O mesmo serve para aqueles que visitam campos de tiro por hobby - eles simplesmente poderiam encontrar uma nova atividade. Mas, para muitos daqueles que têm as armas como uma paixão, isso não traria muito conforto.
“Eles perderiam um pouco o prazer, porque preferem comprar uma arma a uma televisão ou qualquer outra coisa. Mas, por outro lado, muitas pessoas ainda estariam vivas. E acho que isso supera a perda de prazer”.
Notícia publicada na BBC Brasil , em 29 de julho de 2018.
Jorge Hessen* comenta
Lemos na reportagem que há os que ainda defendem o armamento da população. Realmente, a mera presença de uma arma torna o comportamento do homem mais agressivo. Mas a história comprova que a violência está entranhada na natureza humana, e armas de fogo não são necessariamente um pré-requisito para a violência social. Concordamos que se todas as armas de fogo desaparecessem da face da Terra, guerras e conflitos civis continuariam a acontecer por outros meios.
Não somos tão ingênuos a ponto de acreditar que a restrição (proibição) do uso de armas de fogo equacione definitiva e imediatamente o problema da violência. Uma arma de fogo pode ser substituída por outras, talvez não tão eficientes. E mais, na ausência de estrutura da aparelhagem repressora e preventiva do Estado, as armas de fogo continuarão chegando às mãos dos indivíduos descompromissados com o bem e fazendo suas vítimas. Por isso, é importantíssimo meditar que devemos aprender a desarmar, antes de tudo, nossos espíritos, e isso só se consegue pelo exercício do amor e da fraternidade.

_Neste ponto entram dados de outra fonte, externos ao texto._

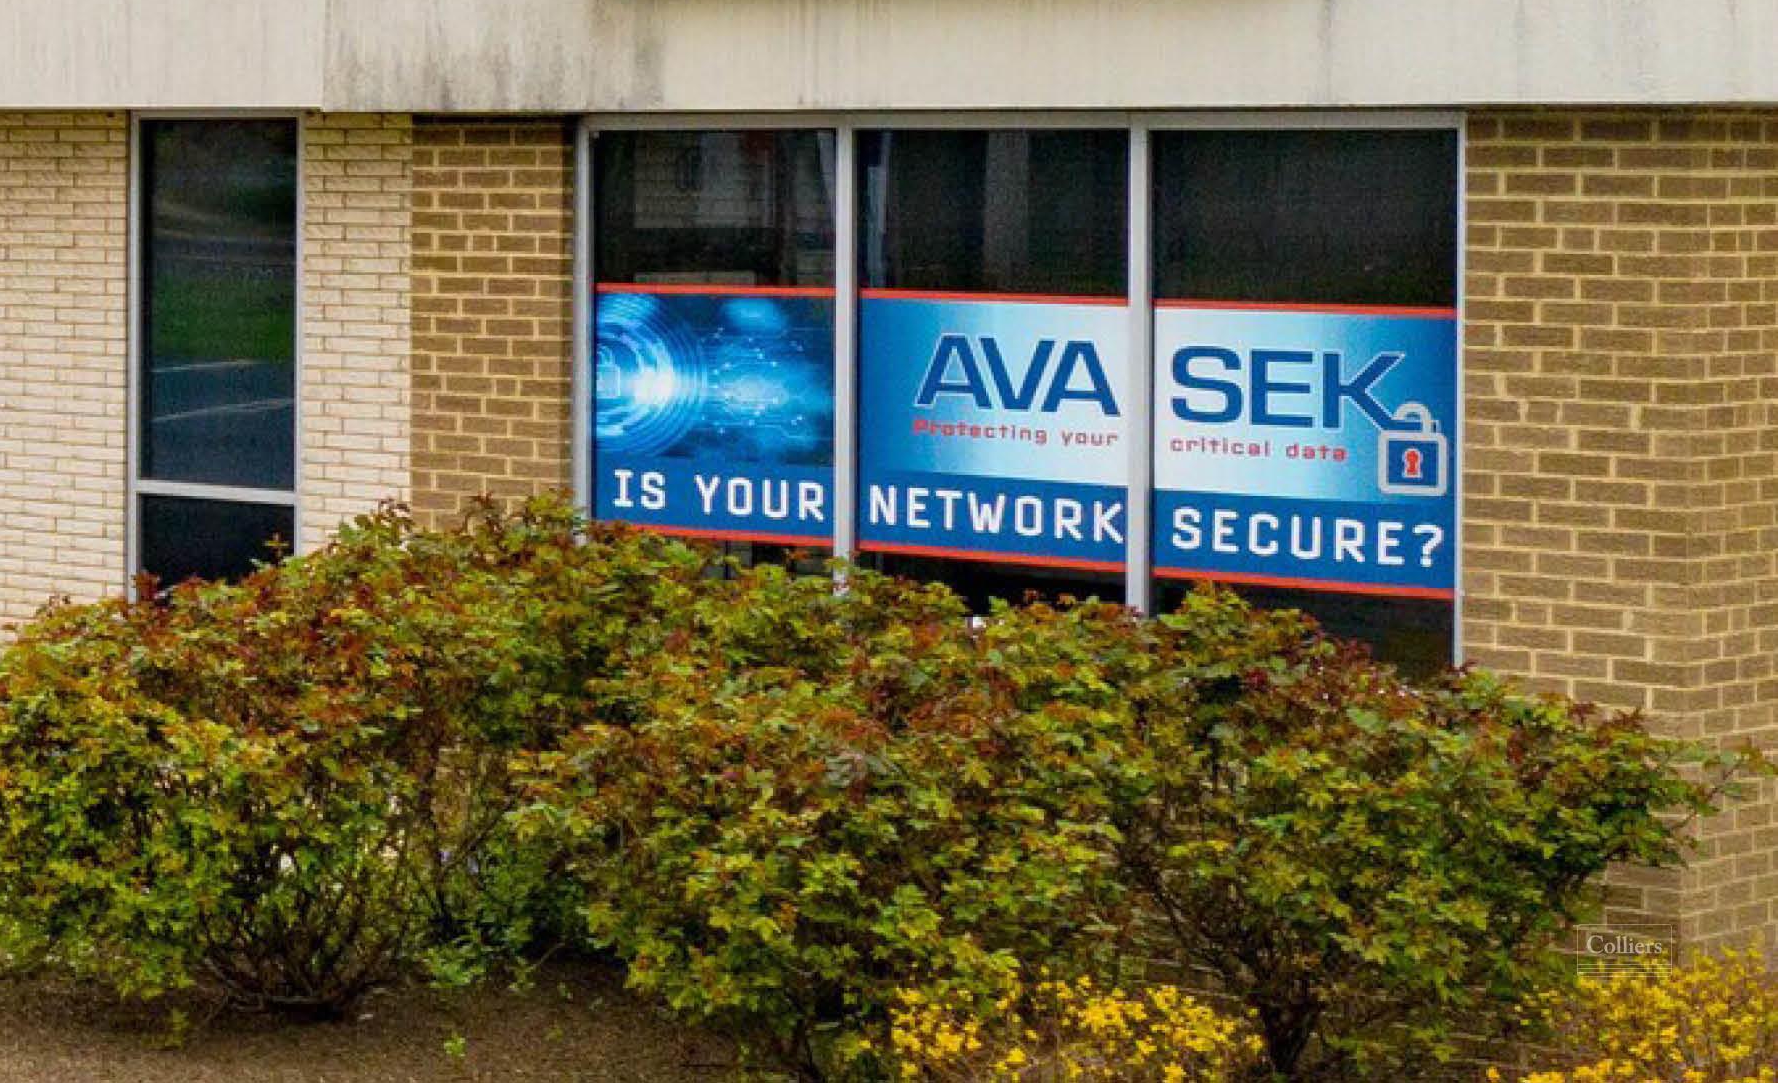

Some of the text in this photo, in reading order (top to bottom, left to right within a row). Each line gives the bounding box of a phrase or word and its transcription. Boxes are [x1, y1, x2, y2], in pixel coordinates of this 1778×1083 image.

Consterna-nos saber que o Brasil é um dos líderes mundiais em casos de mortes produzidas com a utilização de armas de fogo, destarte, a sociedade clama por soluções efetivas para o problema da violência urbana. Cremos ser falsa a segurança oferecida pelas armas, especialmente considerando o potencial de alto risco do uso da arma por familiares não habilitados, que podem causar efeitos danosos irreparáveis na vida doméstica do cidadão de bem.

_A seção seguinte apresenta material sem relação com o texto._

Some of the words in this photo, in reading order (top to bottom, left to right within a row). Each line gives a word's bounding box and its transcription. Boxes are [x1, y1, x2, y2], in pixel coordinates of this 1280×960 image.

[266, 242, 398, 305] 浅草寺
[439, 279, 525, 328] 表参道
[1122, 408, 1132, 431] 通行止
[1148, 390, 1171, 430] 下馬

Os espíritas conscienciosos creem, obviamente, que uma das soluções para a criminalidade seria a proibição da venda de armas de fogo em todo o território nacional, ressalvada a aquisição pelos órgãos de segurança pública federal e estadual, municipal e pelas empresas de segurança privada regularmente constituída, na forma prevista em Lei.
É com inquietação que acompanhamos a crescente popularidade de certo “candidato à presidência” que, não obstante, jaza como um ponto fora da curva dos corrompidos, entretanto tem discorrido sobre o aparelhamento da população através da obtenção de armas de fogo. É óbvio que tal discurso preocupa bastante. Não duvidamos da integridade moral de tal candidato, contudo, suas promessas de governo têm sido controversas, ainda mesmo que esteja imbuído de boas intenções, e até mesmo reunir a seu favor excelentes cidadãos brasileiros. Todavia, insistimos dizer que o seu discurso “messiânico” para transformação social sob o látego do contra-ataque através de armas de fogo é cabalmente desfavorável à paz social. Acreditamos mais nas flores.
As leis e a ordem impostas à sociedade como resposta à exigência coletiva são aceitáveis e compreensíveis, porém, conforme advertem os Benfeitores espirituais é mais coerente nos amarmos ao invés de nos armarmos e desta forma fazermos aos outros o que desejaríamos que os outros nos fizessem.
Nesse contexto o ensinamento espírita em seu esboço filosófico e religioso (ético-moral) é e sempre será a ferramenta por excelência determinante para transformação social pela não violência.